[Dataset records]
══════

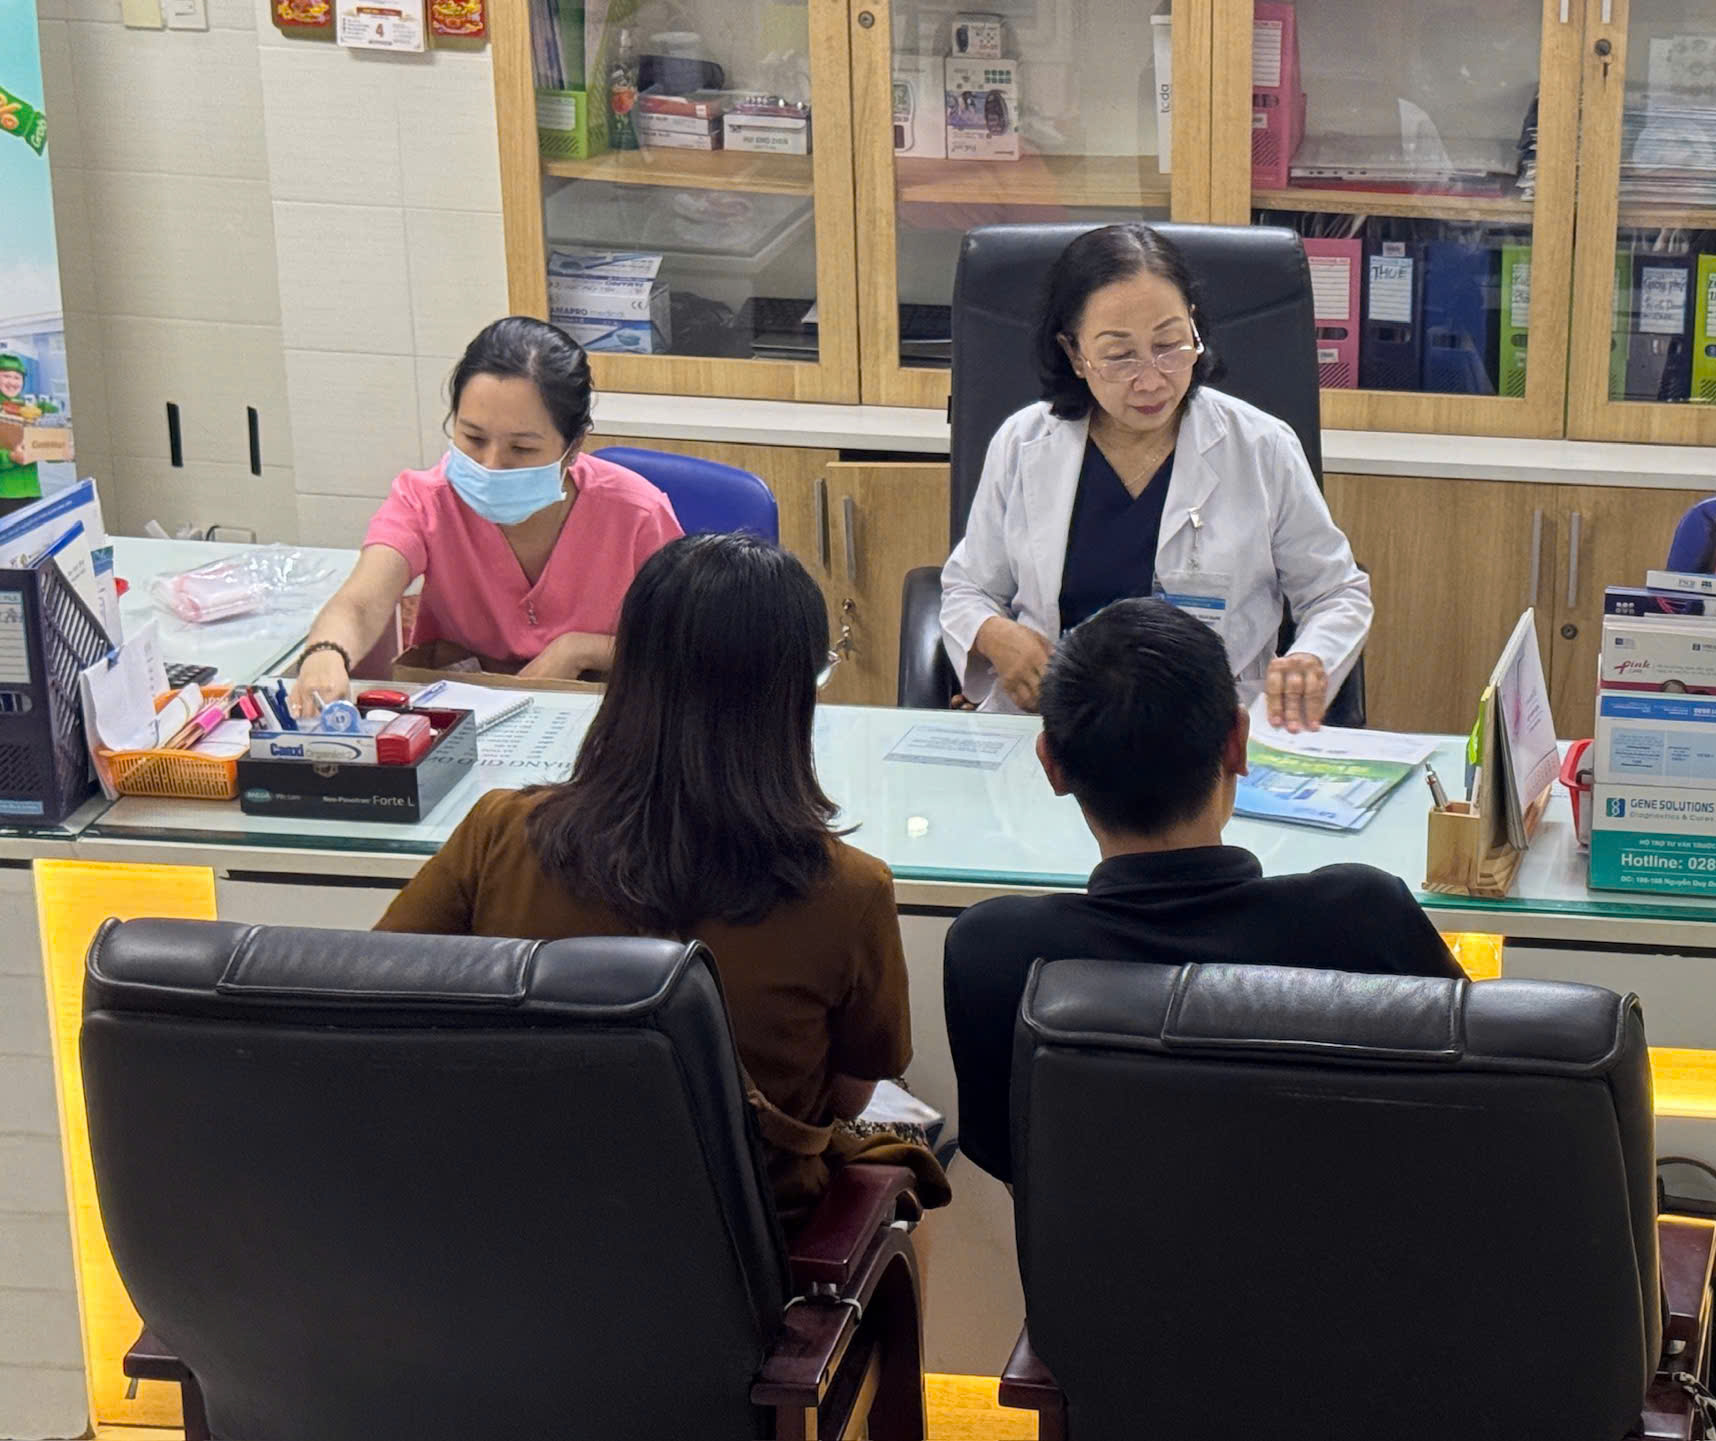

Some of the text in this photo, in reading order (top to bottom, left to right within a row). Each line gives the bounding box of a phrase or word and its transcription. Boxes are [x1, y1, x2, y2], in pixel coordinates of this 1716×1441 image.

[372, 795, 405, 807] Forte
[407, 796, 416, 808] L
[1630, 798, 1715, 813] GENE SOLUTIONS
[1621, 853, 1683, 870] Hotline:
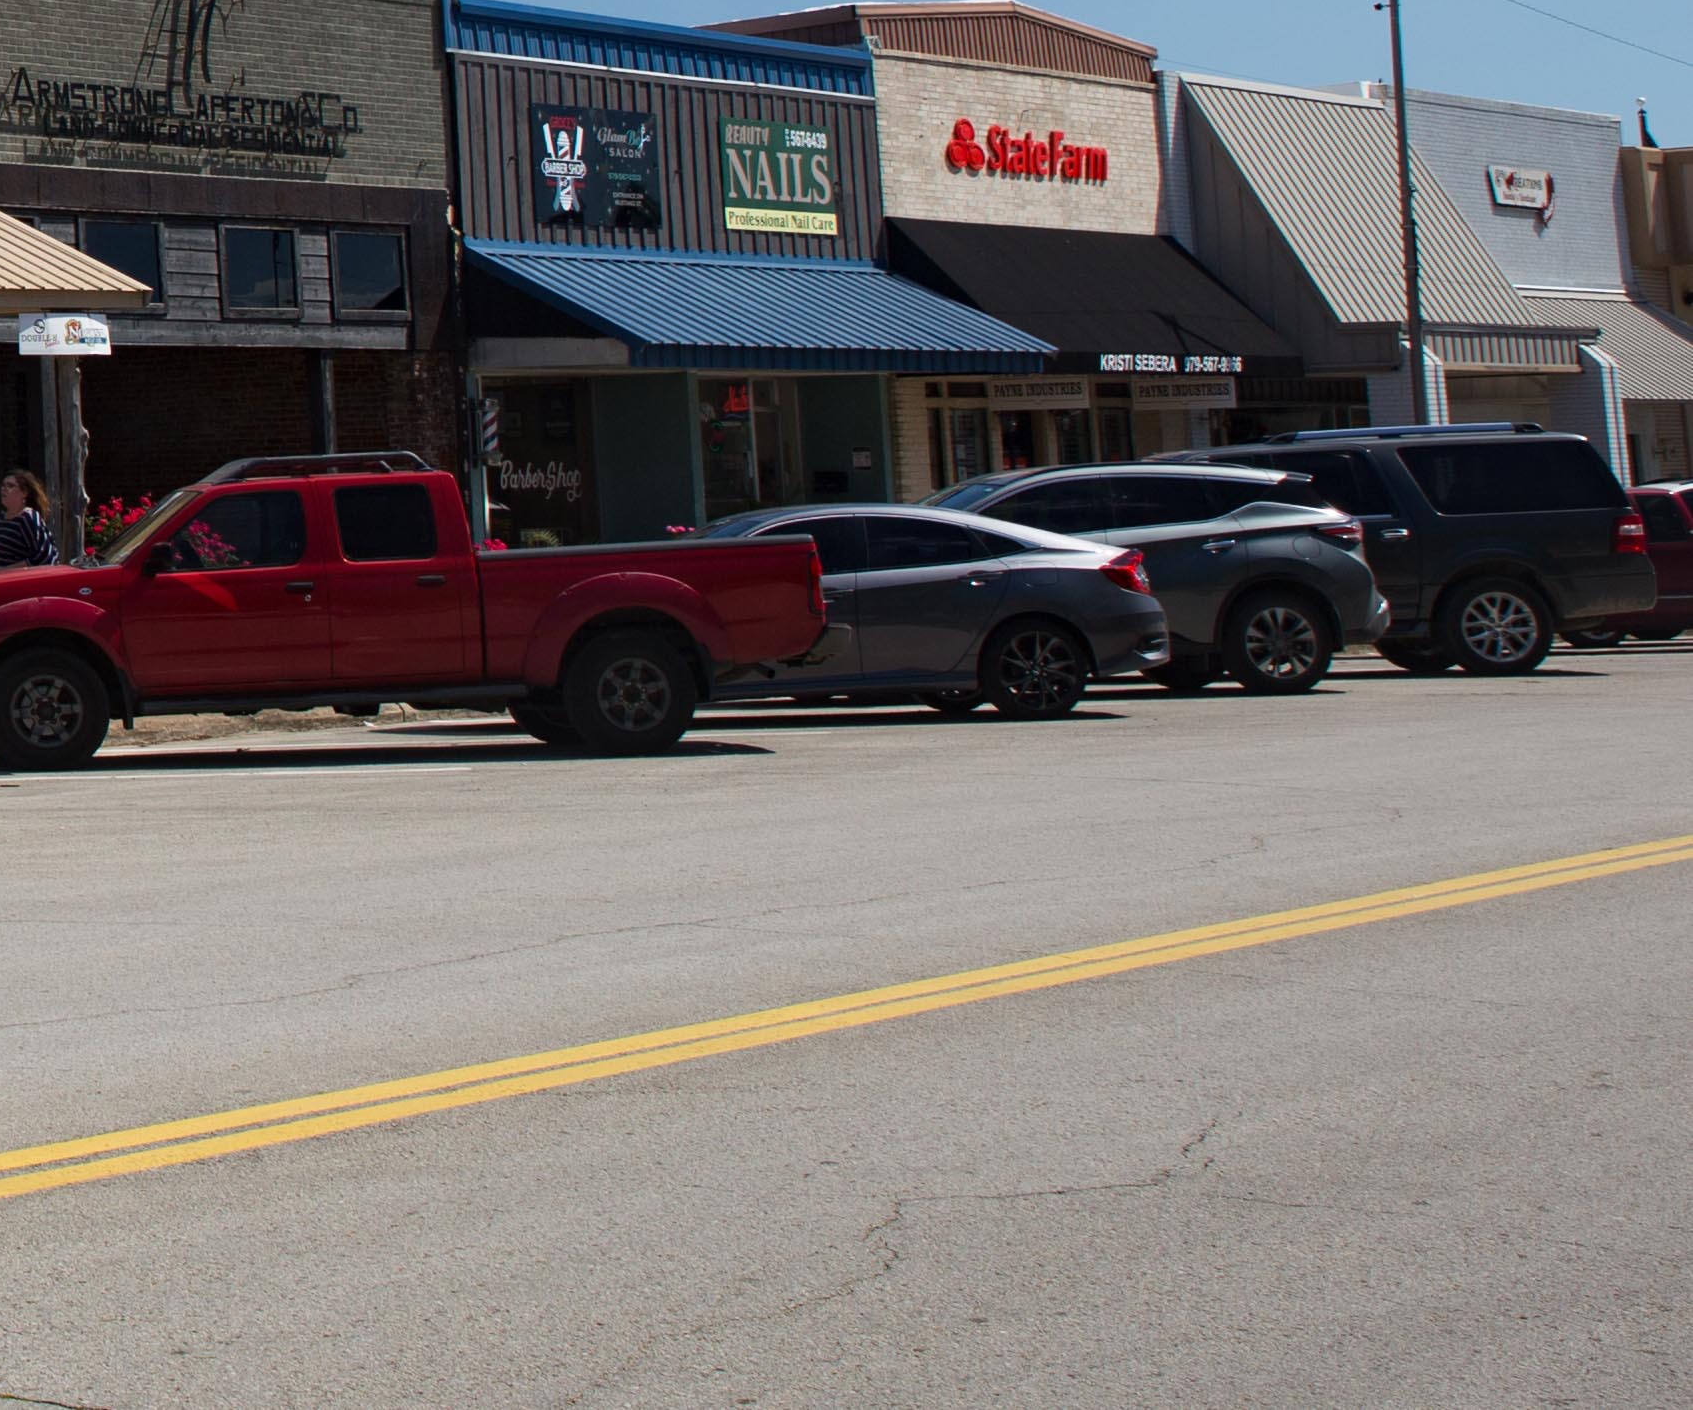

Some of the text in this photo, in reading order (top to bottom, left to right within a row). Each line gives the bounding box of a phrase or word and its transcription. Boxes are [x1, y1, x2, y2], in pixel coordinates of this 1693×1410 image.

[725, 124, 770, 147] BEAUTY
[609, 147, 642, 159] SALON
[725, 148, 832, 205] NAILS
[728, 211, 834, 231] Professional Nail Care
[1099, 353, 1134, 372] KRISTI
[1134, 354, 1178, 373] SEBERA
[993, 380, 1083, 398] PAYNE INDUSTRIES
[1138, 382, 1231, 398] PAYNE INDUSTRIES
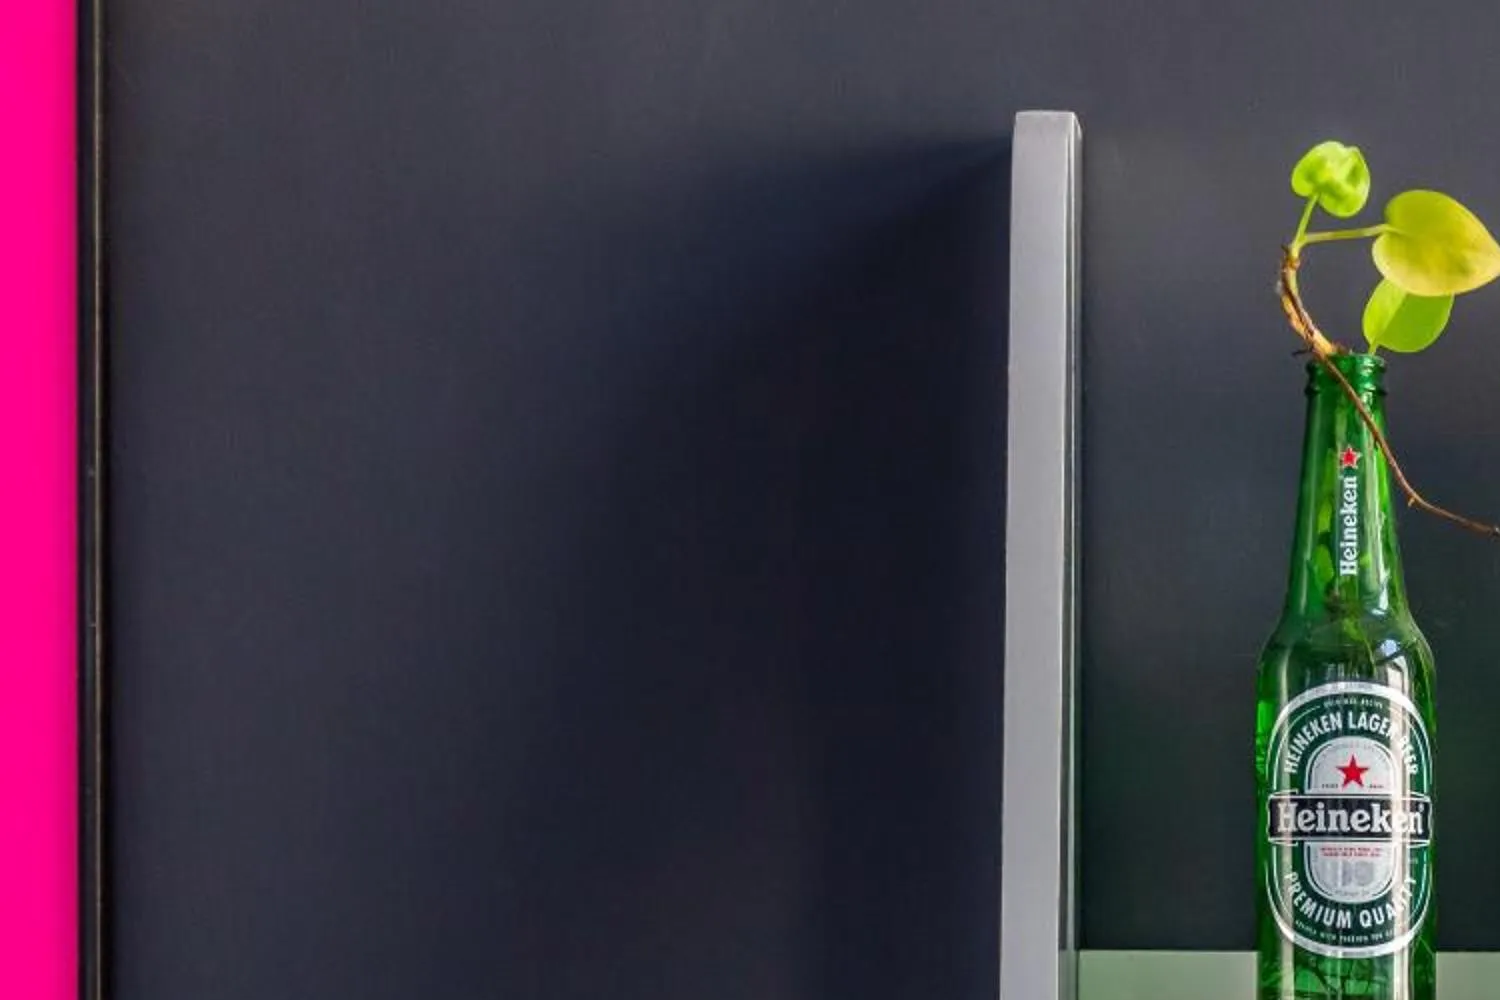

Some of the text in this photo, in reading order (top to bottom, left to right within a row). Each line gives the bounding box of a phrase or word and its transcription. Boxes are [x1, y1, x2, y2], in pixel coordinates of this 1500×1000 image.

══════

**Try it:**
Transcribe every record exactly and omit each image.

**Answer to this exercise:**
Some of the text in this photo, in reading order (top to bottom, left to right within a row). Each line gives the bounding box of a phrase or word and its transcription. Boxes are [x1, y1, x2, y2], in pixel coordinates of this 1716×1441 image.

[372, 795, 405, 807] Forte
[407, 796, 416, 808] L
[1630, 798, 1715, 813] GENE SOLUTIONS
[1621, 853, 1683, 870] Hotline:

Some of the text in this photo, in reading order (top to bottom, left to right within a row). Each line gives the bounding box of a phrase or word and its transcription. Boxes are [x1, y1, x2, y2], in pixel coordinates of this 1693×1410 image.

[725, 124, 770, 147] BEAUTY
[609, 147, 642, 159] SALON
[725, 148, 832, 205] NAILS
[728, 211, 834, 231] Professional Nail Care
[1099, 353, 1134, 372] KRISTI
[1134, 354, 1178, 373] SEBERA
[993, 380, 1083, 398] PAYNE INDUSTRIES
[1138, 382, 1231, 398] PAYNE INDUSTRIES

Some of the text in this photo, in reading order (top to bottom, left to right within a row). Each line gives the bounding box of a phrase or word and its transcription. Boxes are [x1, y1, x2, y2], in pixel coordinates of this 1500×1000 image.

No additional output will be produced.